#### [ASSIGNMENT]
Every line of the material must be restated exactly, though not its pictures.

#### [THE RECORDS]
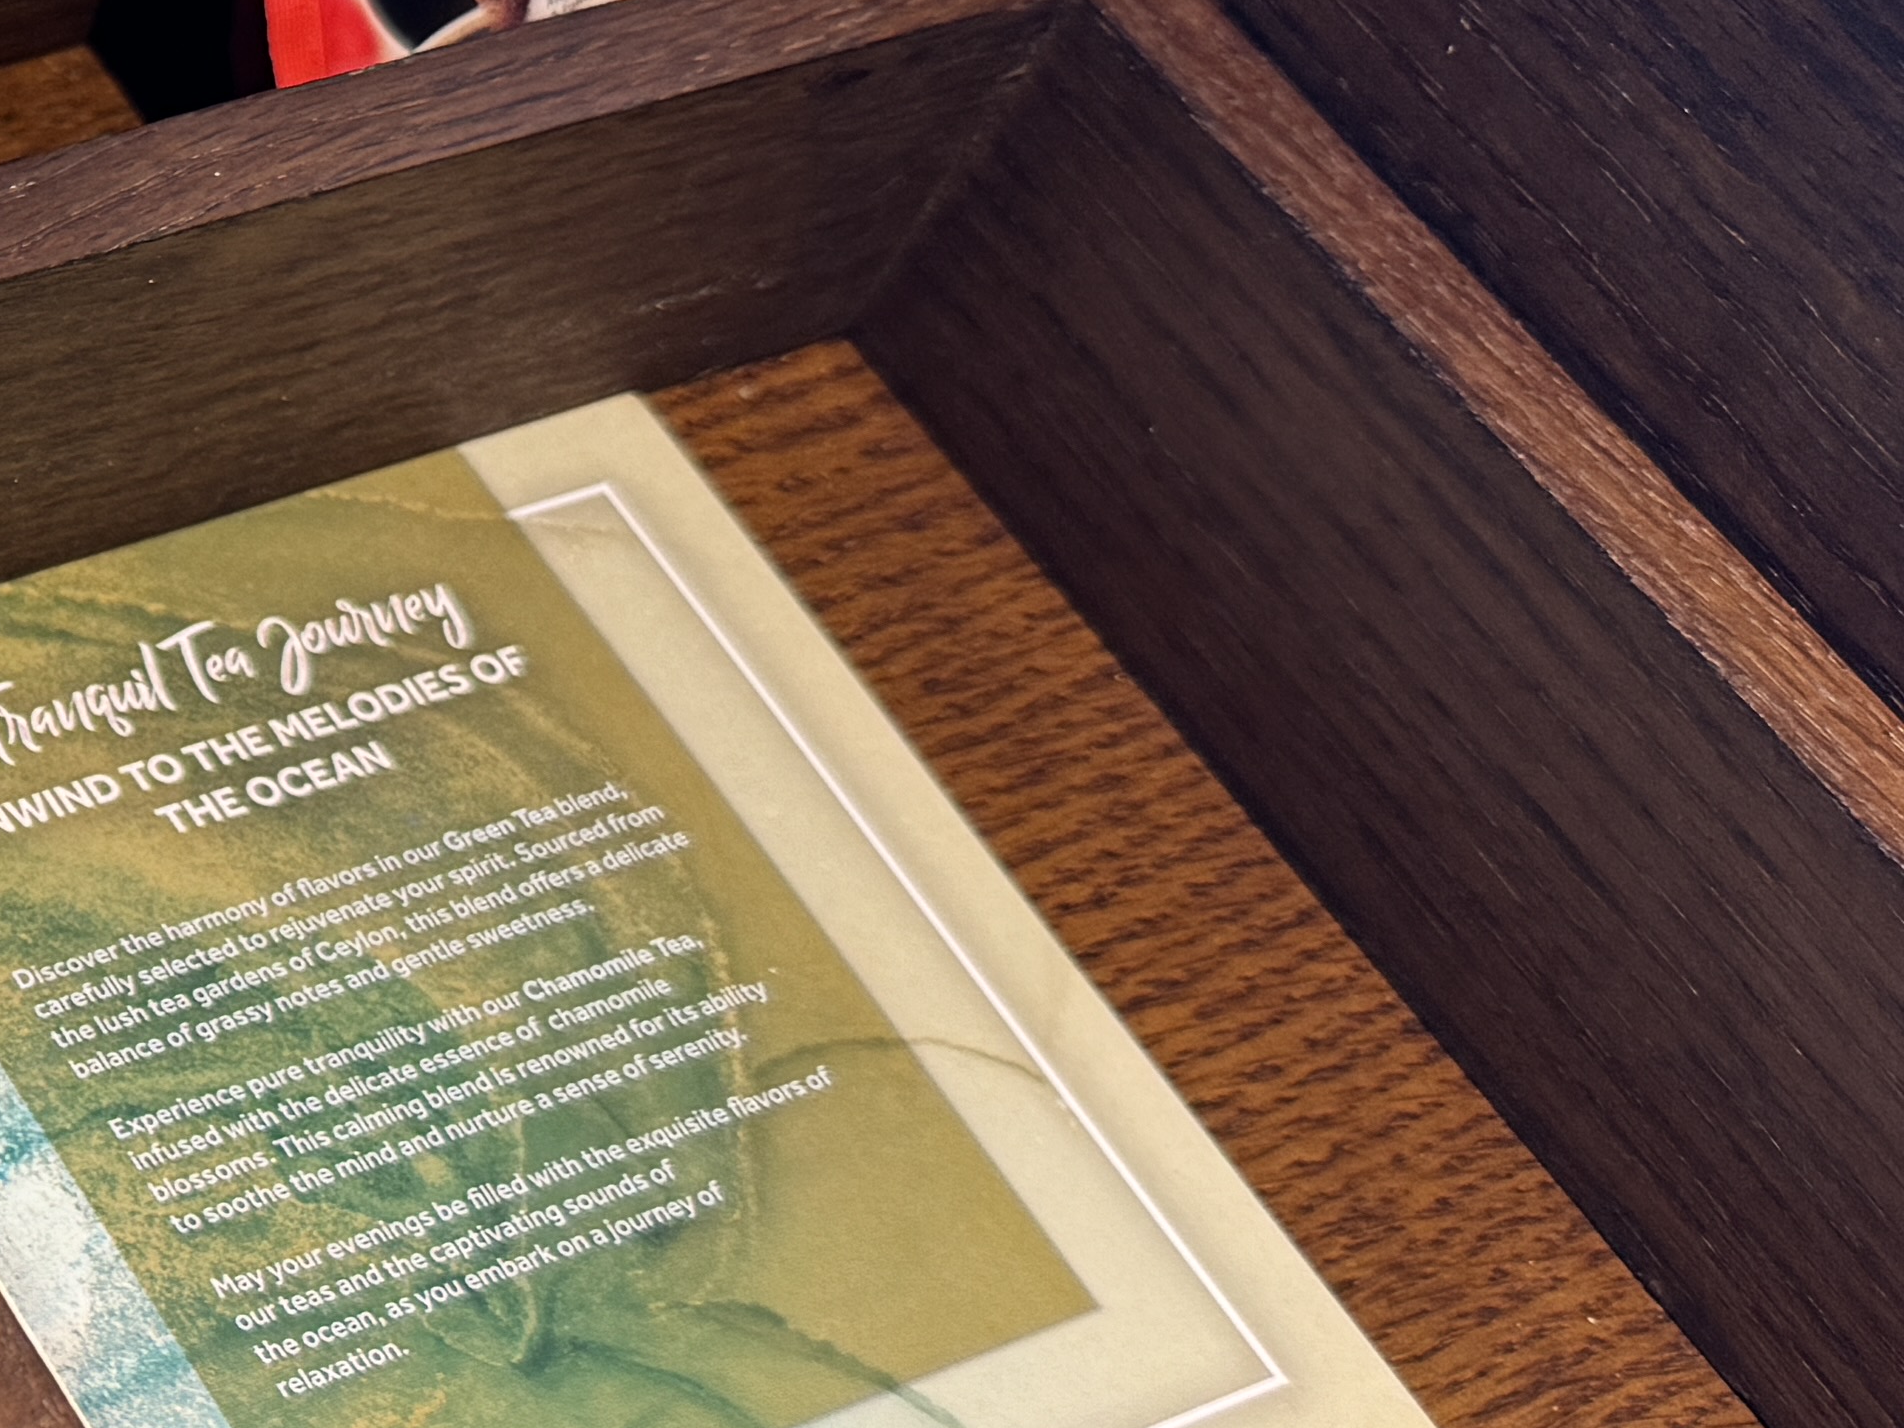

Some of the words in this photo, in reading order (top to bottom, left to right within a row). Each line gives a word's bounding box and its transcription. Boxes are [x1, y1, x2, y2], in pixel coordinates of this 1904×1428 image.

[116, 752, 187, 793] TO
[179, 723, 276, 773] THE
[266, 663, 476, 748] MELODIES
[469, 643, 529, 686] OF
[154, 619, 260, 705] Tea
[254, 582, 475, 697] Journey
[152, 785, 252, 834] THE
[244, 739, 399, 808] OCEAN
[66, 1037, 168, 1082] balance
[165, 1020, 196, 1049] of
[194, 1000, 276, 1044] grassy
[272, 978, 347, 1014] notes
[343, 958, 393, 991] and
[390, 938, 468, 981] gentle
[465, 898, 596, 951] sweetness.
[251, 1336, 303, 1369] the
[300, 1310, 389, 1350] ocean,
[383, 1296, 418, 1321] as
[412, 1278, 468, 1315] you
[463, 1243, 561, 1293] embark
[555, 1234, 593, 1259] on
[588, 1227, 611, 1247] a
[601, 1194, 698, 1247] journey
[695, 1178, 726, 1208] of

#### [ANSWER SPACE]
Some of the words in this photo, in reading order (top to bottom, left to right within a row). Each line gives a word's bounding box and its transcription. Boxes are [x1, y1, x2, y2], in pixel coordinates of this 1904×1428 image.

[116, 752, 187, 793] TO
[179, 723, 276, 773] THE
[266, 663, 476, 748] MELODIES
[469, 643, 529, 686] OF
[154, 619, 260, 705] Tea
[254, 582, 475, 697] Journey
[152, 785, 252, 834] THE
[244, 739, 399, 808] OCEAN
[66, 1037, 168, 1082] balance
[165, 1020, 196, 1049] of
[194, 1000, 276, 1044] grassy
[272, 978, 347, 1014] notes
[343, 958, 393, 991] and
[390, 938, 468, 981] gentle
[465, 898, 596, 951] sweetness.
[251, 1336, 303, 1369] the
[300, 1310, 389, 1350] ocean,
[383, 1296, 418, 1321] as
[412, 1278, 468, 1315] you
[463, 1243, 561, 1293] embark
[555, 1234, 593, 1259] on
[588, 1227, 611, 1247] a
[601, 1194, 698, 1247] journey
[695, 1178, 726, 1208] of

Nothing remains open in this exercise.